Het standpunt van de verdediging
De raadsman heeft bepleit tot teruggave aan verdachte van de in beslag genomen geldbedragen en de twee mobiele telefoons.
Het oordeel van de rechtbank
De rechtbank zal de teruggave aan verdachte gelasten van de aan hem toebehorende in beslag genomen voorwerpen, te weten een bedrag van € [X], een geldbedrag van € [Y] en twee mobiele telefoons, aangezien deze niet vatbaar zijn voor verbeurdverklaring dan wel onttrekking aan het verkeer.
10 DE BENADEELDE PARTIJ
Voor aanvang van de terechtzitting heeft [slachtoffer] – daartoe vertegenwoordigd door [vertegenwoordiger] – zich als benadeelde partij in dit geding gevoegd en een vordering ingediend tot vergoeding van schade ten gevolge van het aan verdachte onder 2 ten laste gelegde feit. De hoogte van die schade wordt door de benadeelde partij begroot op een bedrag van
€ 11.431,01.
Het standpunt van de officier van justitie
De officier van justitie heeft gevorderd de benadeelde partij niet-ontvankelijk te verklaren, gelet op de door hem gevorderde vrijspraak van het onder 2 ten laste gelegde feit.
Het standpunt van de verdediging
De raadsman heeft bepleit de vordering van de benadeelde partij af te wijzen, gelet op de reeds door hem bepleitte vrijspraak.

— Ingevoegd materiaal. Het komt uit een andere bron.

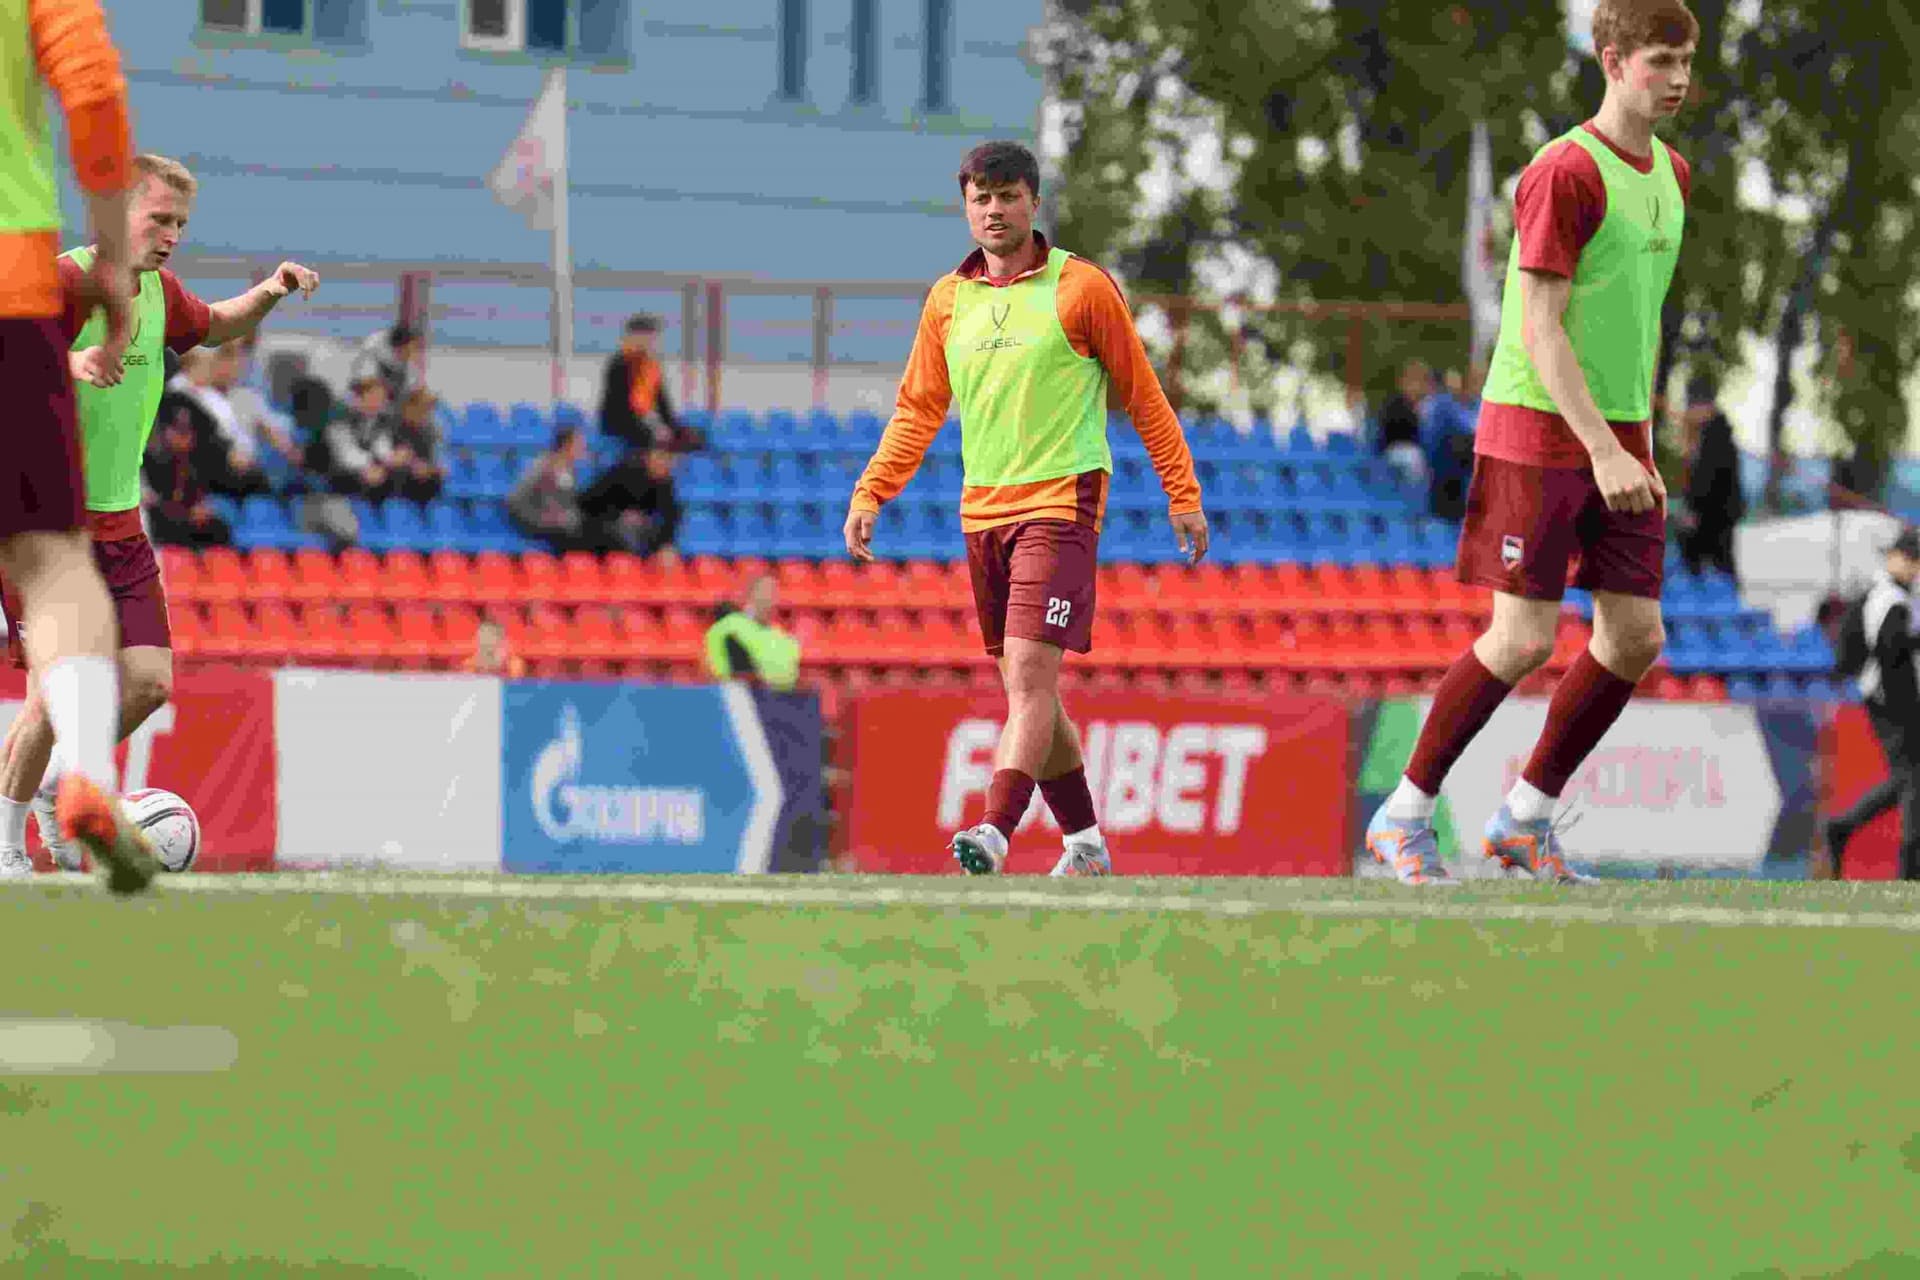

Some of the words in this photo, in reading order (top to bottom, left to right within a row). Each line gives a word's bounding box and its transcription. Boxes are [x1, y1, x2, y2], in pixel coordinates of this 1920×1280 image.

[121, 354, 150, 366] OGEL
[1045, 596, 1072, 628] 22
[937, 718, 1267, 836] FBET

Het oordeel van de rechtbank
De rechtbank acht de vordering van de benadeelde partij [slachtoffer] niet-ontvankelijk, nu de verdachte van het hem onder 2 ten laste gelegde zal worden vrijgesproken.
11 TOEPASSELIJKHEID WETTELIJKE VOORSCHRIFTEN
De beslissing berust op de artikelen 22c, 22d, 47 en 91 van het Wetboek van Strafrecht en de artikelen 3 en 11 van de Opiumwet, zoals de artikelen luidden ten tijde van het bewezen verklaarde.
12 BESLISSING
De rechtbank:
Vrijspraak
- verklaart niet bewezen hetgeen onder 2 aan verdachte is ten laste gelegd en spreekt hem daarvan vrij;
Bewezenverklaring
- verklaart het onder 1 ten laste gelegde bewezen, zodanig als hierboven onder 5 is omschreven;
- spreekt verdachte vrij van wat onder 1 meer of anders is ten laste gelegd;
Strafbaarheid
- verklaart het bewezen verklaarde feit strafbaar;
- verklaart verdachte strafbaar;
Strafoplegging
- legt aan verdachte op een werkstraf voor de duur van 60 uren;
- beveelt dat voor het geval de veroordeelde de werkstraf niet of niet naar behoren verricht de werkstraf wordt vervangen door 30 dagen hechtenis, althans een aantal dagen hechtenis dat evenredig is aan het niet verrichte aantal uren werkstraf;
Beslag
- gelast de teruggave aan de verdachte van de in beslag genomen voorwerpen, te weten een geldbedrag van € [X], een geldbedrag van € [Y] en twee mobiele telefoons (beiden merk Nokia);
Benadeelde partij
- bepaalt dat de benadeelde partij [slachtoffer] in zijn vordering niet-ontvankelijk is en dat hij zijn vordering slechts bij de burgerlijke rechter kan aanbrengen.
Dit vonnis is gewezen door mr. R.M. van Vuure, voorzitter, mr. A.C. Schroten en mr. L.P. de Haas, rechters, in tegenwoordigheid van mr. R.G. Dees, griffier, en is uitgesproken ter openbare terechtzitting van 6 december 2011.